Exercise objective - An exact transcript of the records is what this task asks for.

Stored data entries -
════
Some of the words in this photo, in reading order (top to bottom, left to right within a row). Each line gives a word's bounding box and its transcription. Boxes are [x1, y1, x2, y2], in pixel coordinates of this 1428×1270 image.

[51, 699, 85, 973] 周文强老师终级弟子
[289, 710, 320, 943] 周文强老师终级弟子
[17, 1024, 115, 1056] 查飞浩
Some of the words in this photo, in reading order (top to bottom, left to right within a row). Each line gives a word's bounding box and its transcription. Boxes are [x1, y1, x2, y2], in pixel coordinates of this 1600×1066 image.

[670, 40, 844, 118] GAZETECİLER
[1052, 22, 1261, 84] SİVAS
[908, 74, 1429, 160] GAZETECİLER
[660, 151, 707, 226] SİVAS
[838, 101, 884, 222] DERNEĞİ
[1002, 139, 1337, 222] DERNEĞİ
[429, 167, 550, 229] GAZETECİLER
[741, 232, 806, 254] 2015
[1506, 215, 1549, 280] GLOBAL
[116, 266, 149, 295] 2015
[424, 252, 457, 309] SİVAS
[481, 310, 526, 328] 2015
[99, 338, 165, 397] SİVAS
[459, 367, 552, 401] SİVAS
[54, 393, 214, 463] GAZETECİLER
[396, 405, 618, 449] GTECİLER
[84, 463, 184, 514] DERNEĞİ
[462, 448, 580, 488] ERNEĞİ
════
Task output -
Some of the words in this photo, in reading order (top to bottom, left to right within a row). Each line gives a word's bounding box and its transcription. Boxes are [x1, y1, x2, y2], in pixel coordinates of this 1428×1270 image.

[51, 699, 85, 973] 周文强老师终级弟子
[289, 710, 320, 943] 周文强老师终级弟子
[17, 1024, 115, 1056] 查飞浩
Some of the words in this photo, in reading order (top to bottom, left to right within a row). Each line gives a word's bounding box and its transcription. Boxes are [x1, y1, x2, y2], in pixel coordinates of this 1600×1066 image.

[670, 40, 844, 118] GAZETECİLER
[1052, 22, 1261, 84] SİVAS
[908, 74, 1429, 160] GAZETECİLER
[660, 151, 707, 226] SİVAS
[838, 101, 884, 222] DERNEĞİ
[1002, 139, 1337, 222] DERNEĞİ
[429, 167, 550, 229] GAZETECİLER
[741, 232, 806, 254] 2015
[1506, 215, 1549, 280] GLOBAL
[116, 266, 149, 295] 2015
[424, 252, 457, 309] SİVAS
[481, 310, 526, 328] 2015
[99, 338, 165, 397] SİVAS
[459, 367, 552, 401] SİVAS
[54, 393, 214, 463] GAZETECİLER
[396, 405, 618, 449] GTECİLER
[84, 463, 184, 514] DERNEĞİ
[462, 448, 580, 488] ERNEĞİ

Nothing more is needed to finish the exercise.